Sounds like this tank has been set up for at least a few months now. That being the case I don't think your nitrates are 0ppm. Which tests are you using? The nitrate liquid reagent tests require following the directions very closely to get the proper reading, which means shaking one of the bottles very well, then shaking the mixture for the required time. Failure to do this will give an improper reading and influence further tests making the tests useless.

With gravel substrate it's very important to always vacuum it thoroughly. You say just moving a little of it makes a cloud, and that's a big problem as that is just uneaten food and poop rotting away. I would vacuum it as much as you can ASAP changing at least 1/2 of the tank water. If it's still dirty you can repeat the following days until you get it pretty clean. After that I would recommend doing water changes/vacuuming once a week at least 50% of the tank water.

You have some nice looking fish there.

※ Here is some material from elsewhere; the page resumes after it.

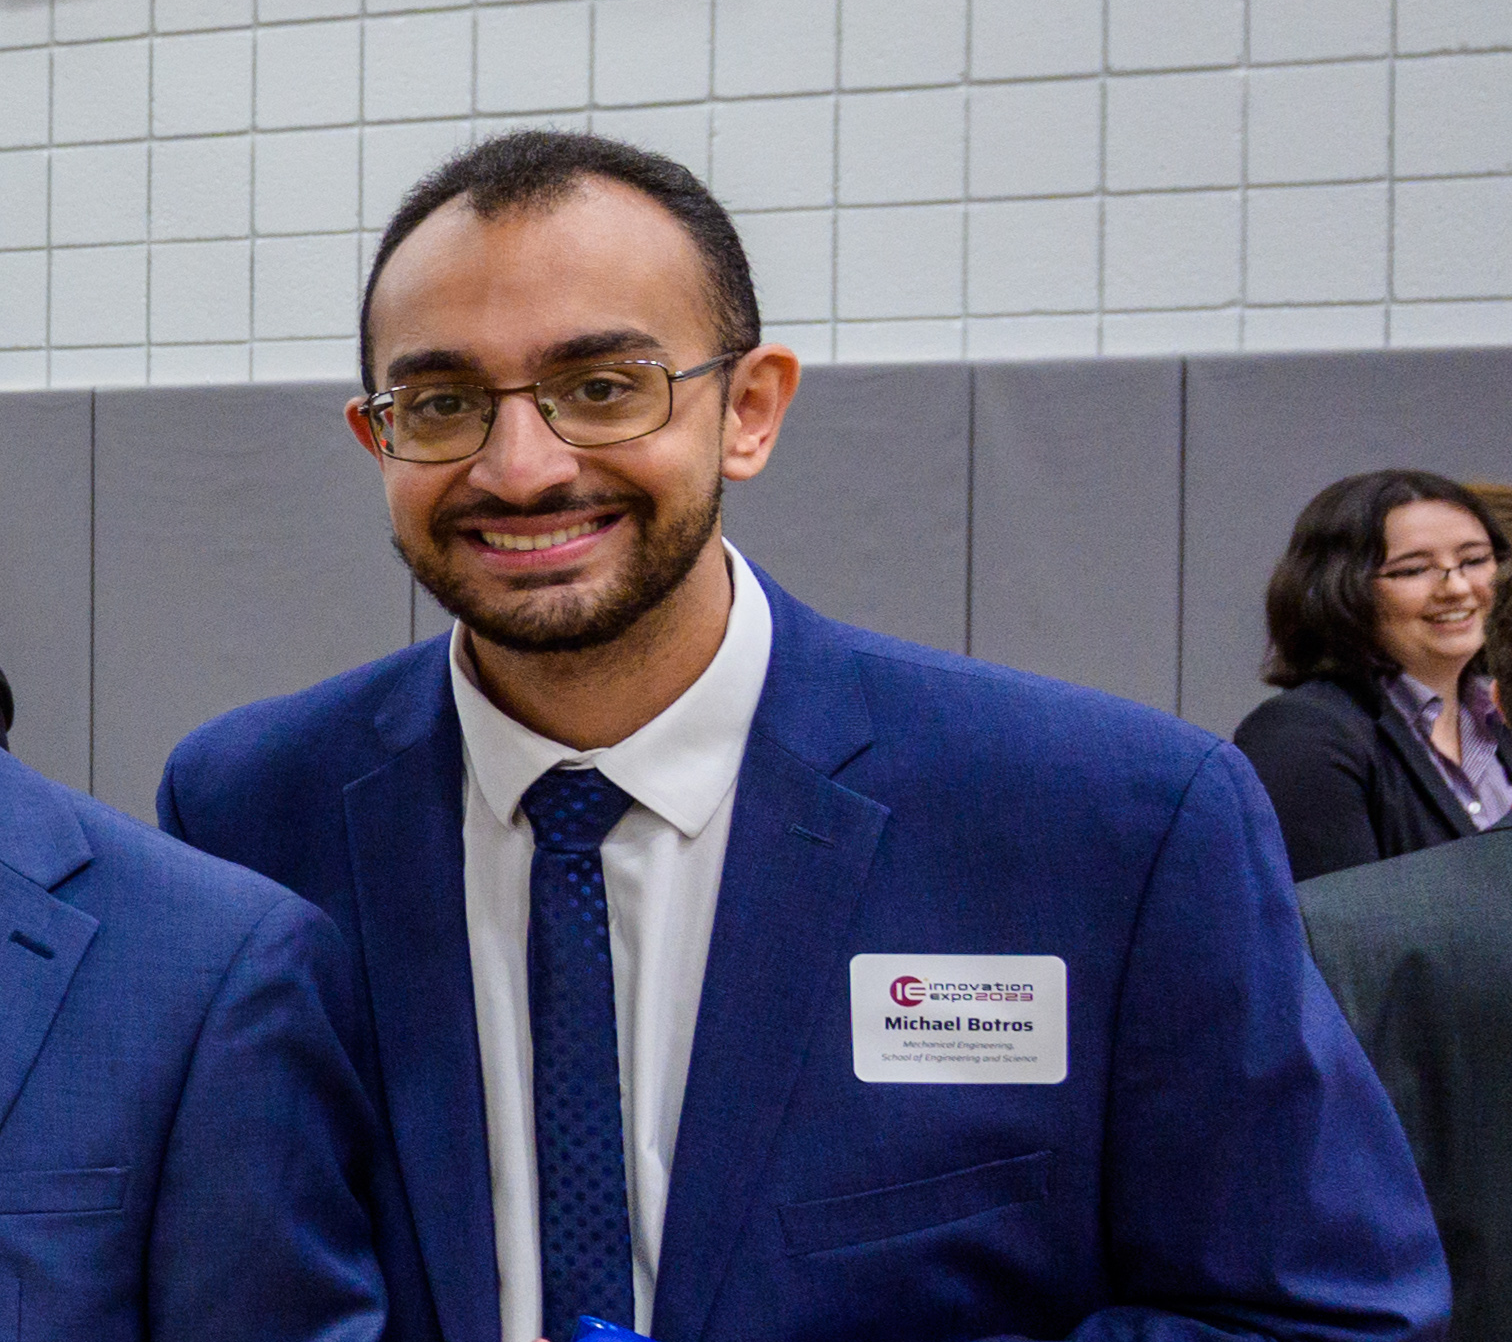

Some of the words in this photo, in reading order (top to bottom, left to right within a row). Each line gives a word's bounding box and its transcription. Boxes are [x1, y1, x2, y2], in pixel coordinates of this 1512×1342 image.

[928, 981, 1034, 992] innovation
[884, 1016, 961, 1032] Michael
[967, 1017, 1034, 1032] Botros

Perhaps you might consider changing to sand as it's easier to keep clean compared to gravel, and the fish will like it more. I don't think you have elevated ammonia but the tank should always be 0ppm ammonia. The api ammonia test can be difficult to read on the low end, I know it is for me. I will do a test of tap water which I know has no ammonia, then compare it to the tank when I am unsure of a reading.

The tank isn't very well stocked for it's size, but you know that. Is this supposed to be an all male setup?


----------



## bigt0689 (Apr 7, 2013)

b3w4r3 said:


> bigt0689 said:
> 
> 
> > heres the test results:
> ...


the test is api liquid test kit.

I honestly don't know the difference between males and females. would like to have some females. I guess ill just have to find a way how to vaccum the tank real good without draining it completely. the one I got vacuums and changes water at same time.


----------



## Tony La Morte (Nov 30, 2011)

Hi big, 
If I understand correctly, less than 48" Length your options, other than Custom, will be limiting.
The Bumble Bee, (Pseudotropheus Crabro) are border line in a 48" tank. 
I currently have one in a 4' tanks but he has an exceptional personality.
More info will yeild more help.
Regards,
Tony


----------



## bigt0689 (Apr 7, 2013)

Tony La Morte said:


> Hi big,
> If I understand correctly, less than 48" Length your options, other than Custom, will be limiting.
> The Bumble Bee, (Pseudotropheus Crabro) are border line in a 48" tank.
> I currently have one in a 4' tanks but he has an exceptional personality.
> ...


----------



## Bowfront (Jun 3, 2013)

There are two problems I see from your posts. One is the use of well water that probably has a smell to it right out of the tap. Two is your rock substrate which is holding ****. Ditch the rock and get pool filter sand. Then ditch the large rocks and get large limestone rocks to buffer the PH. You can get the rocks at a garden supply center or landscaping place real cheap, by the pound. Clean them well before you use them. I would also recommend getting a catfish like a synodontis large enough to survive cichlid aggression because it will help you out with uneaten pieces of food in the tank.

.


----------



## bigt0689 (Apr 7, 2013)

were am i supposed to get sand from? i don't really like the idea of using sand. never had a problem using substrate before except for all this **** coming up. are limestone rocks heavy? i don't know what they look like, the garden place i was at today had huge pieces of stuff very thick. guy was only going to charge me 18 cents a pound but said he would only charge me for 10 pounds even if i get 15 pounds. not sure how much i would even use in my tank. i thought slate was the best because it was so light.


----------



## bigt0689 (Apr 7, 2013)

but about the fish though how do you know if a chiclid is a male or female?


----------



## bigt0689 (Apr 7, 2013)

looked into them cats im not paying any were near $100 for 1 fish. so I guess ill have to settle for one of the simple color ones. the real colorful ones were very expensive. by any chance do you have another catfish just so I have 1 for a backup incase the lfs does not have it. if its not a rare fish and they don't stock it because I buy from them a lot he said he will get fish from his supplier if its worth it for him but if its rare or hard to move he wont get them. may be able to flash him a $20 up front and he may get me one not sure.


----------



## b3w4r3 (Dec 14, 2012)

The rocks you have are fine, don't know where the limerock suggestion came from unless you are having issues with ph.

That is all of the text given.